Before Route 20 merged with Yingshang No. 1, the route used 8TR rigid trolleybuses imported from Czechoslovakia, as well as locally built Dahongqi 5000 series trolleybuses.

Key developments in the route's fleet include:
- 1963: first SKD663 articulated trolleybus entered service on route 20. These would be used for over 15 years, only being replaced in the 1980s. In addition, SK661 trolleybuses were introduced in the 1970s.
- 1984: the route started using a full fleet of Shanghai SK561GF and SK570 articulated trolleybuses.

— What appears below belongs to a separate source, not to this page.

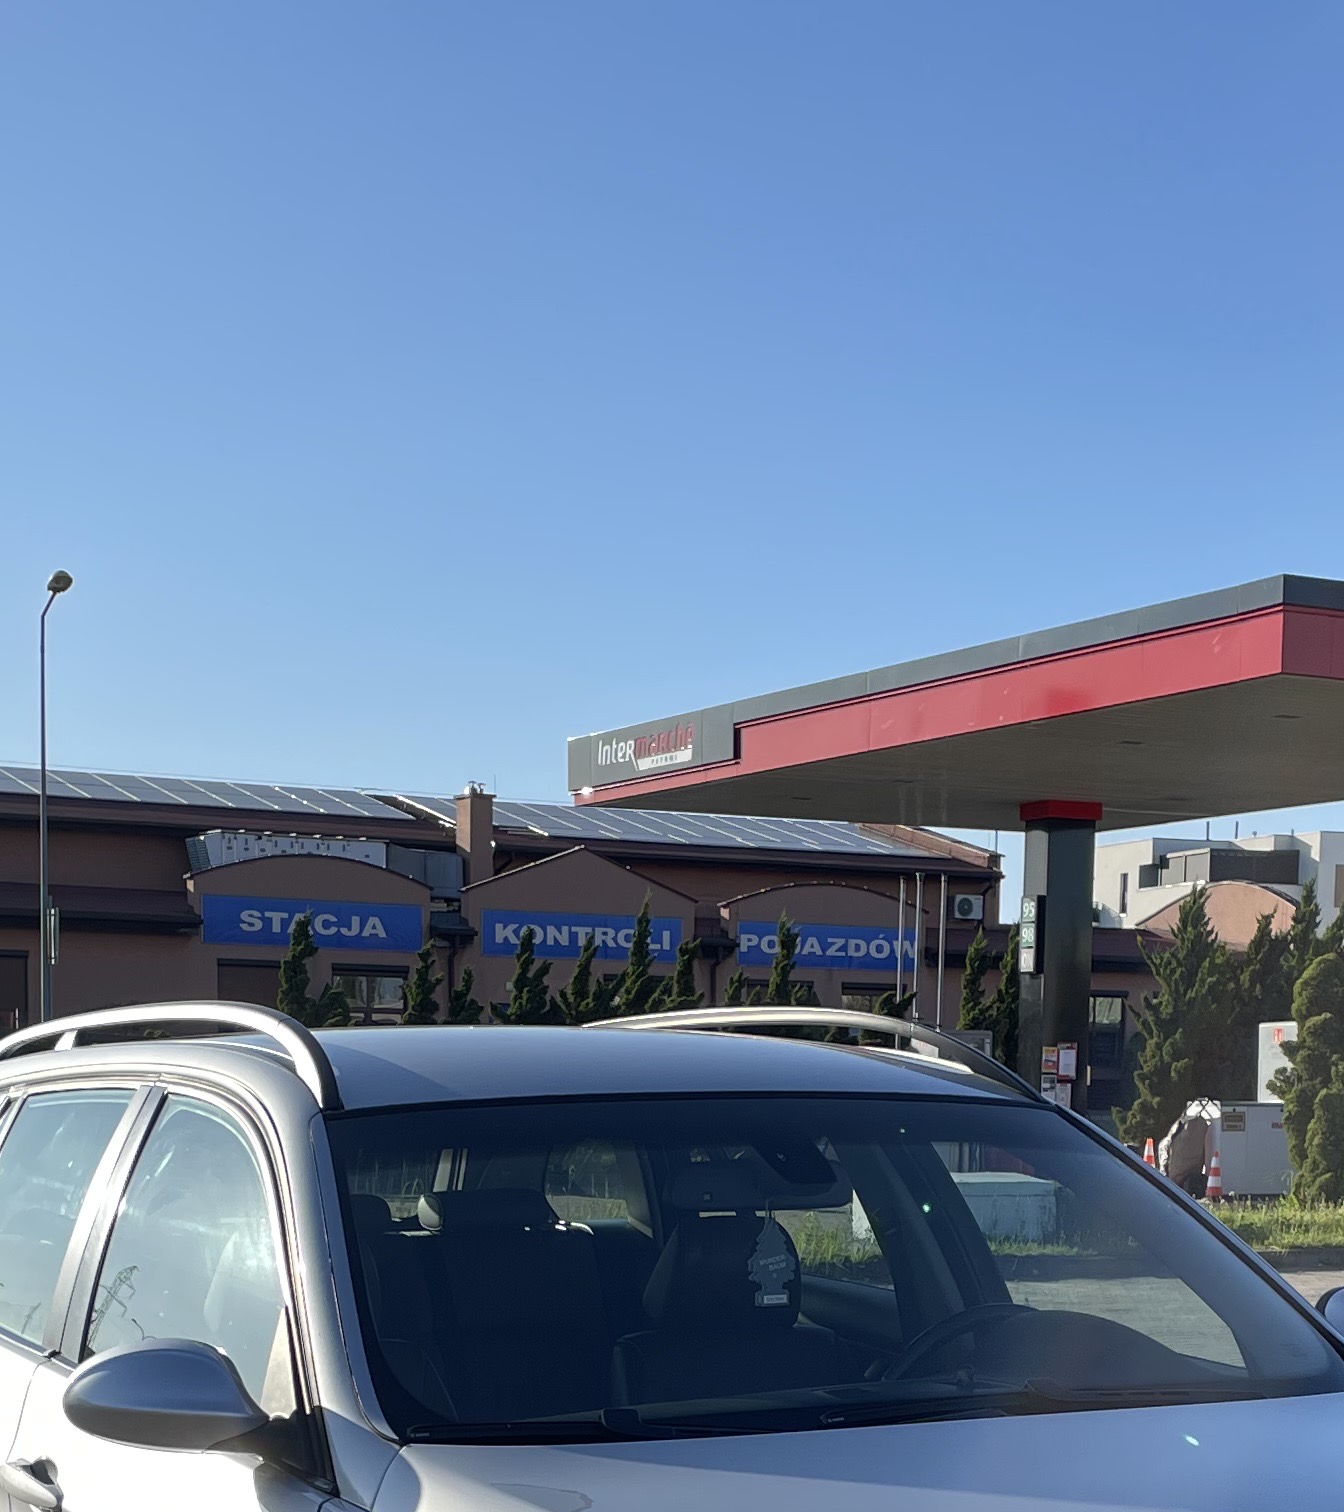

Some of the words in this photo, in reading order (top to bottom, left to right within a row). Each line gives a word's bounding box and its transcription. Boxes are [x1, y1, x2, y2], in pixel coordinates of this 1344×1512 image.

[1023, 902, 1035, 918] 95
[239, 909, 388, 939] STACJA
[494, 922, 671, 951] KONTROLI
[1022, 927, 1034, 943] 98

At this point of time, the route was so popular that daily ridership reached over 70,000, requiring over 65 buses running per day on 30-second headways.
- 1990s: air-conditioned trolleybuses began entering service on the route.
- 2004: Shanghai SWB5105KGP-3 and Xianfei HZGWG100K trolleybuses introduced.
- 2014: Newer Youngman trolleybuses entered service; these were retired in September 2022 when the retro-style Sunwin trolleybuses entered service.

==Route information==
Route 20, like many other bus routes in downtown Shanghai, charges a flat fare of RMB2. Interchange discounts using the Shanghai Public Transport Card is applicable.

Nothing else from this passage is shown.